TASK TO CARRY OUT: Please return the data that follows precisely as written, but without the images.

### AVAILABLE DATA

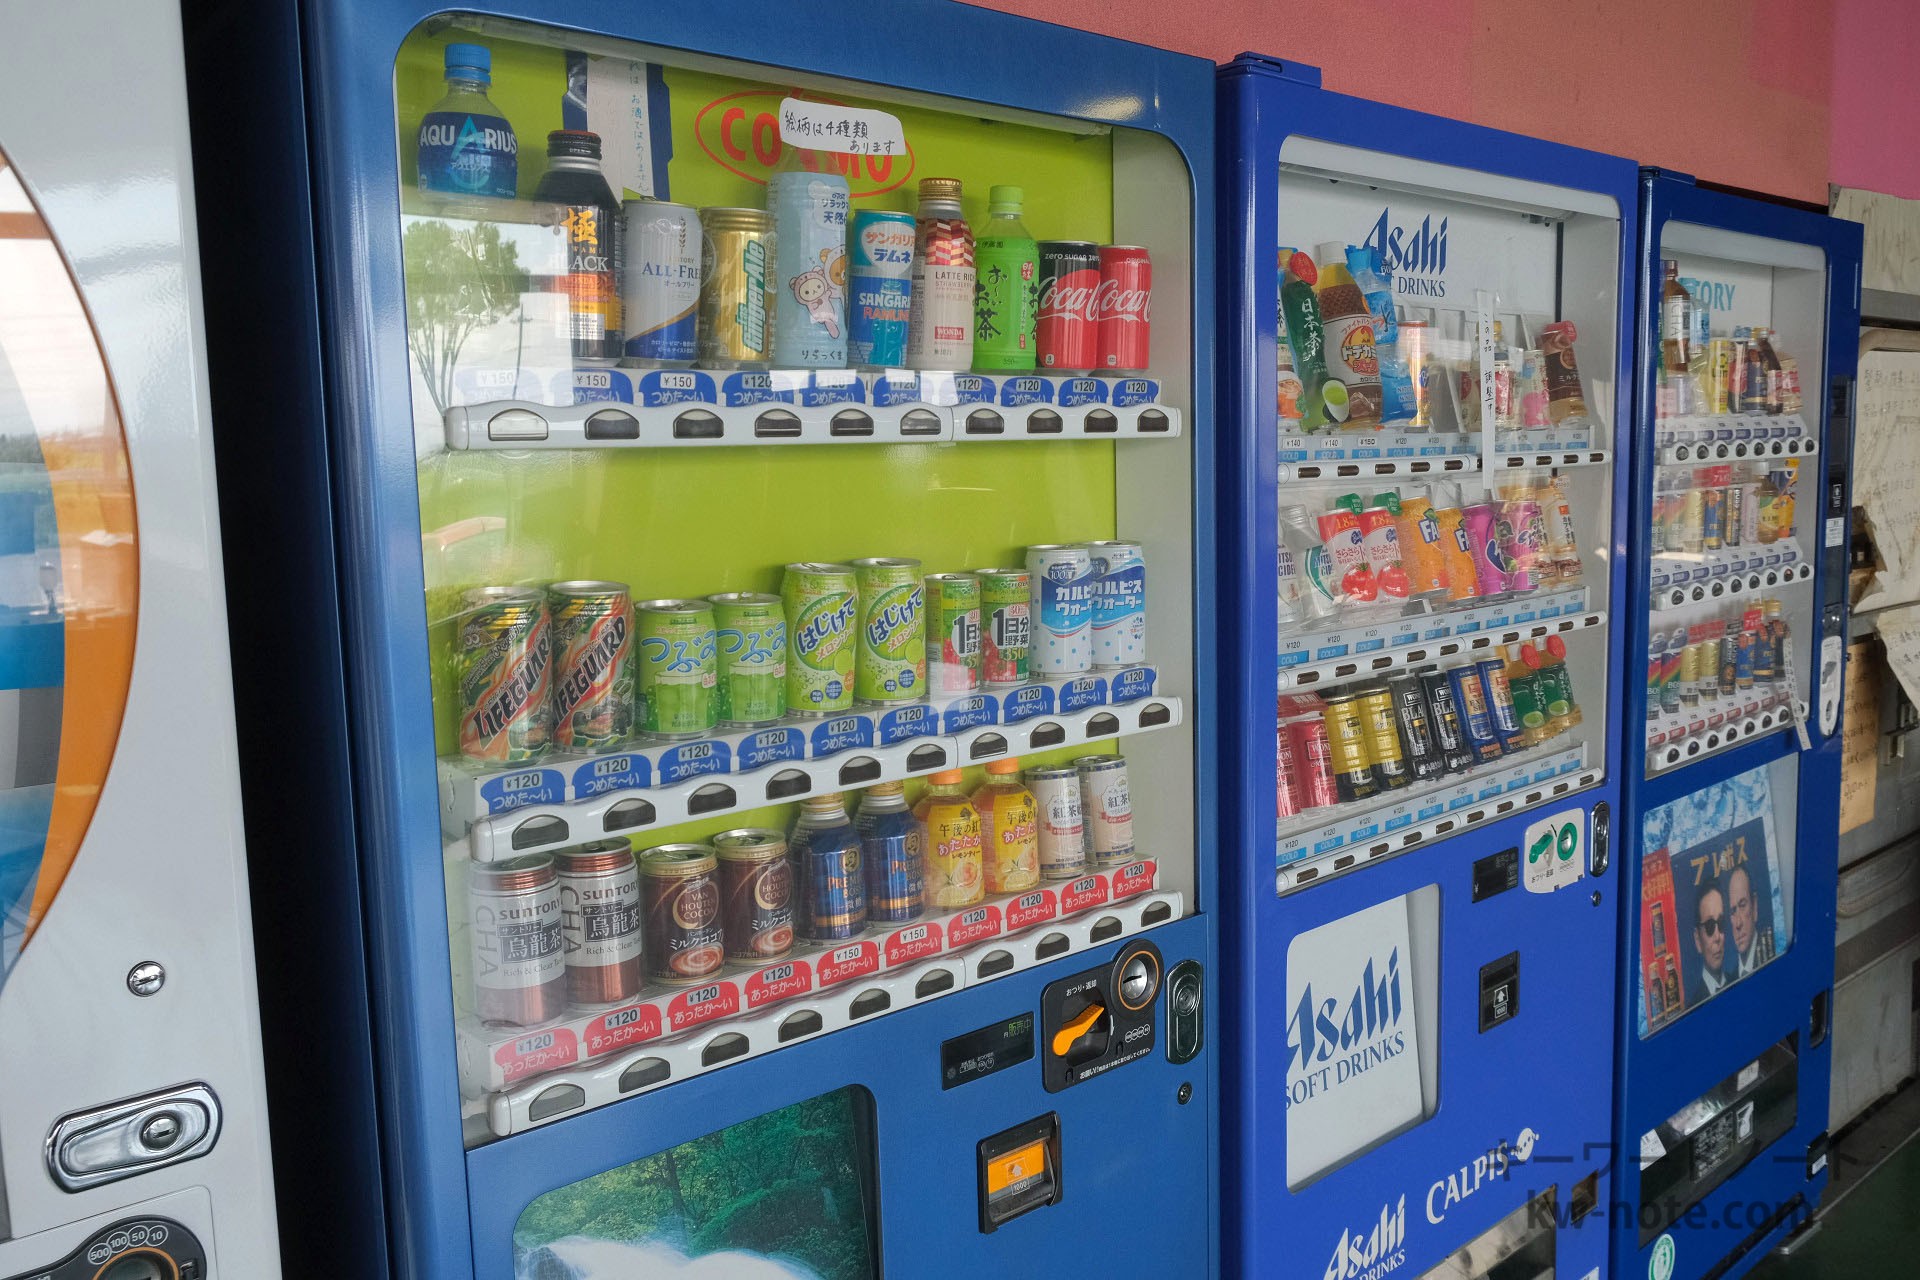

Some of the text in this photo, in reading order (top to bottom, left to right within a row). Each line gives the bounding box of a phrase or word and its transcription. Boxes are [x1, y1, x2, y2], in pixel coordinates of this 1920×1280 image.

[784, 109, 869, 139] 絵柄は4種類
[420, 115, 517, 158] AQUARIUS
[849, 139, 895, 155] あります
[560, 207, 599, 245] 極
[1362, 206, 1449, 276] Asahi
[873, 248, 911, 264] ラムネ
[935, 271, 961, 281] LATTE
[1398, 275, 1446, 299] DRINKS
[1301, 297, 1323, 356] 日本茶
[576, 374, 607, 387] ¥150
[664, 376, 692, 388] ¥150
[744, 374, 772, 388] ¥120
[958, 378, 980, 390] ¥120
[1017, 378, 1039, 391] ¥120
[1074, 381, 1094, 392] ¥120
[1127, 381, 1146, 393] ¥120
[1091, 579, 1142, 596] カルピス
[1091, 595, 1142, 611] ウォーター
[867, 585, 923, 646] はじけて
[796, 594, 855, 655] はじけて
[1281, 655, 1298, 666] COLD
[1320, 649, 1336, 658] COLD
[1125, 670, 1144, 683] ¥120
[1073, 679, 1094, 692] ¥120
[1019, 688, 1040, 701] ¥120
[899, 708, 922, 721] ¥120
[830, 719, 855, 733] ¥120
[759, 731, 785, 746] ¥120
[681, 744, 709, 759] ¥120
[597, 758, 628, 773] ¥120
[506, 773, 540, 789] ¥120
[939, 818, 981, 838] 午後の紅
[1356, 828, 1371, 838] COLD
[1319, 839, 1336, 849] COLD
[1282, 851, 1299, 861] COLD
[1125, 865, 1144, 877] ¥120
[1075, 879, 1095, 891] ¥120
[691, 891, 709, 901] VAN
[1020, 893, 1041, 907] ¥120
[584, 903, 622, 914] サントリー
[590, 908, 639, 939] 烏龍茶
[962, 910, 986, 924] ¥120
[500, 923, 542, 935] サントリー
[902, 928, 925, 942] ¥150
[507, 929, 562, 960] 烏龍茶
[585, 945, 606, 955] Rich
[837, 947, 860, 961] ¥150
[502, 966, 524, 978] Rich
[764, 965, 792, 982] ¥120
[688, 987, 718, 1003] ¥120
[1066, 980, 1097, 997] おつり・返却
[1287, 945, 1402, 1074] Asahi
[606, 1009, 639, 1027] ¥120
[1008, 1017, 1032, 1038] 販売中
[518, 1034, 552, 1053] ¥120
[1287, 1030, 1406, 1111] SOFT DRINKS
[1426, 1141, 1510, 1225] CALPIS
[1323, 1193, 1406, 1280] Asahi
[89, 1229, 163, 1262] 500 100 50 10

######

PROBLEM SOLUTION:
Some of the text in this photo, in reading order (top to bottom, left to right within a row). Each line gives the bounding box of a phrase or word and its transcription. Boxes are [x1, y1, x2, y2], in pixel coordinates of this 1920×1280 image.

[784, 109, 869, 139] 絵柄は4種類
[420, 115, 517, 158] AQUARIUS
[849, 139, 895, 155] あります
[560, 207, 599, 245] 極
[1362, 206, 1449, 276] Asahi
[873, 248, 911, 264] ラムネ
[935, 271, 961, 281] LATTE
[1398, 275, 1446, 299] DRINKS
[1301, 297, 1323, 356] 日本茶
[576, 374, 607, 387] ¥150
[664, 376, 692, 388] ¥150
[744, 374, 772, 388] ¥120
[958, 378, 980, 390] ¥120
[1017, 378, 1039, 391] ¥120
[1074, 381, 1094, 392] ¥120
[1127, 381, 1146, 393] ¥120
[1091, 579, 1142, 596] カルピス
[1091, 595, 1142, 611] ウォーター
[867, 585, 923, 646] はじけて
[796, 594, 855, 655] はじけて
[1281, 655, 1298, 666] COLD
[1320, 649, 1336, 658] COLD
[1125, 670, 1144, 683] ¥120
[1073, 679, 1094, 692] ¥120
[1019, 688, 1040, 701] ¥120
[899, 708, 922, 721] ¥120
[830, 719, 855, 733] ¥120
[759, 731, 785, 746] ¥120
[681, 744, 709, 759] ¥120
[597, 758, 628, 773] ¥120
[506, 773, 540, 789] ¥120
[939, 818, 981, 838] 午後の紅
[1356, 828, 1371, 838] COLD
[1319, 839, 1336, 849] COLD
[1282, 851, 1299, 861] COLD
[1125, 865, 1144, 877] ¥120
[1075, 879, 1095, 891] ¥120
[691, 891, 709, 901] VAN
[1020, 893, 1041, 907] ¥120
[584, 903, 622, 914] サントリー
[590, 908, 639, 939] 烏龍茶
[962, 910, 986, 924] ¥120
[500, 923, 542, 935] サントリー
[902, 928, 925, 942] ¥150
[507, 929, 562, 960] 烏龍茶
[585, 945, 606, 955] Rich
[837, 947, 860, 961] ¥150
[502, 966, 524, 978] Rich
[764, 965, 792, 982] ¥120
[688, 987, 718, 1003] ¥120
[1066, 980, 1097, 997] おつり・返却
[1287, 945, 1402, 1074] Asahi
[606, 1009, 639, 1027] ¥120
[1008, 1017, 1032, 1038] 販売中
[518, 1034, 552, 1053] ¥120
[1287, 1030, 1406, 1111] SOFT DRINKS
[1426, 1141, 1510, 1225] CALPIS
[1323, 1193, 1406, 1280] Asahi
[89, 1229, 163, 1262] 500 100 50 10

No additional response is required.